A Market-Oriented View of the EU’s World-First Carbon Border Tax

What investors should know about the EU’s new Carbon Border Adjustment Mechanism.

Editors’ note: MarketMinder doesn’t advocate for or against any government initiative. Our aim is only to diagnose policies’ potential economic and market impact.

The world’s first “carbon border tax” became EU law this week. While not technically a tax in the traditional sense, this new mechanism aims to force importers to buy certificates based on their estimated carbon footprint. There is a wide range of views on this policy. But importantly for investors, it looks smaller than most portray and, after years of negotiation, its formal, gradual implementation doesn’t seem likely to upset markets, in our view.

The European Parliament and the 27 EU member countries agreed on a climate deal in December, including a Carbon Border Adjustment Mechanism (CBAM). Last week, EU lawmakers passed draft legislation, which the European Council—comprising heads of member state governments, European Commission President Ursula von der Leyen and European Council President Charles Michel—approved Tuesday.

The CBAM will eventually (more on this soon) assess fees on imports that don’t meet the EU’s greenhouse-gas emissions standards. It will enter into force October 1 this year. Then, importers will declare their prior year goods’ quantity and associated emissions embedded in their products—both direct and indirect (using a heretofore undefined methodology). Importers would buy CBAM certificates for those emissions. Meanwhile, certificates’ prices fluctuate depending on the auction value of allowances in the EU’s carbon market—the Emissions Trading System. The CBAM’s three-fold objective: Cut emissions, level the playing field so EU firms aren’t disadvantaged by adhering to stricter emissions rules and compel other countries to adopt the EU’s standards.

Maybe you see this as justified. Maybe not. Whatever your view, it is worth calling a spade a spade: This is a protectionist policy. If you dislike tariffs for their distortions (rightly, in our view), you should probably look askance at this, too.
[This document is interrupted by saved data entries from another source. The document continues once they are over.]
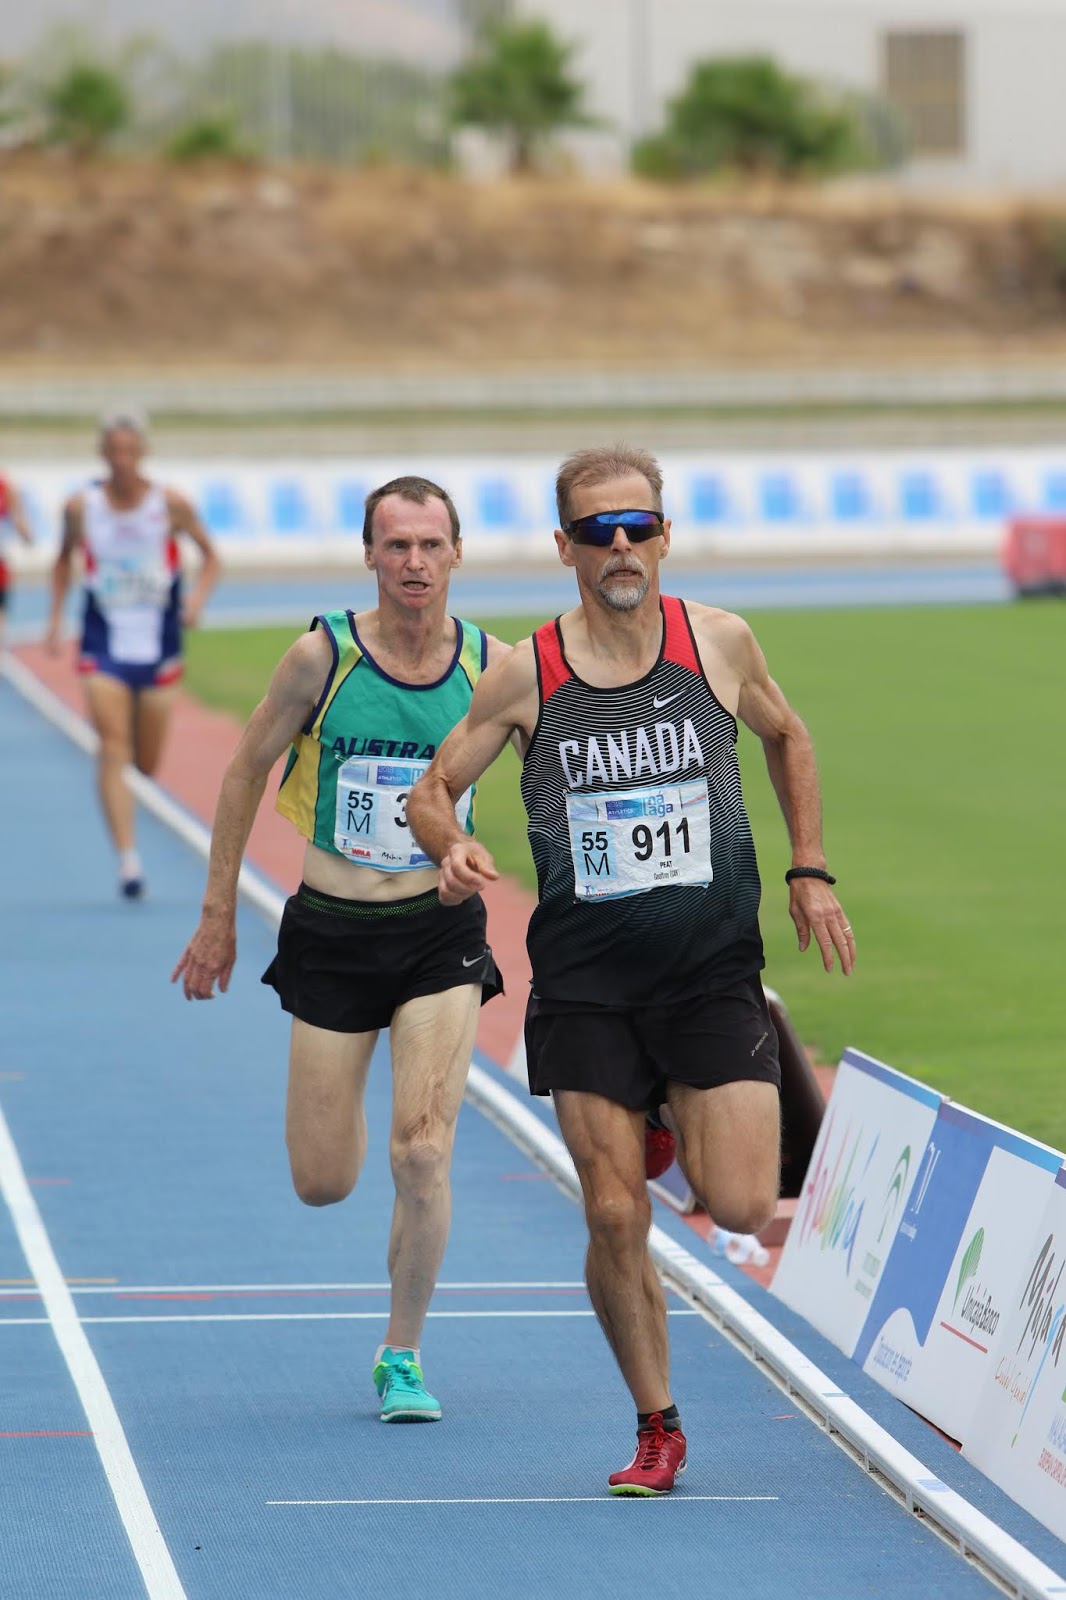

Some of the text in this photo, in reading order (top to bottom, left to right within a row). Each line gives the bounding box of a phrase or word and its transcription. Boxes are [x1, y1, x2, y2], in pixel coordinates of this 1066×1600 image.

[559, 718, 705, 788] CANADA
[347, 791, 374, 811] 55
[347, 810, 371, 834] M
[581, 817, 690, 861] 55 911
[352, 848, 371, 858] WMA
[584, 853, 611, 876] M
[660, 860, 673, 869] PEAT
But some carry it too far, suggesting the CBAM risks imperiling world trade with the EU. Although the policy seems wide-ranging and far-reaching, a look under the CBAM’s hood reveals it is rather low powered—and why fears surrounding it are unfounded.

As it stands, the CBAM covers only iron, steel, cement, aluminum, fertilizers, electricity and hydrogen. This amounts to only a tiny slice of total EU goods imports (which are less than its services imports). In 2022, this would have been below 5%.[i] Also note what the CBAM list doesn’t include: Fossil fuels—over a quarter of goods imports—are conspicuously missing. The list could expand. For instance, chemicals and agricultural products have been floated for inclusion, but those are similarly tiny—the impact would still be limited.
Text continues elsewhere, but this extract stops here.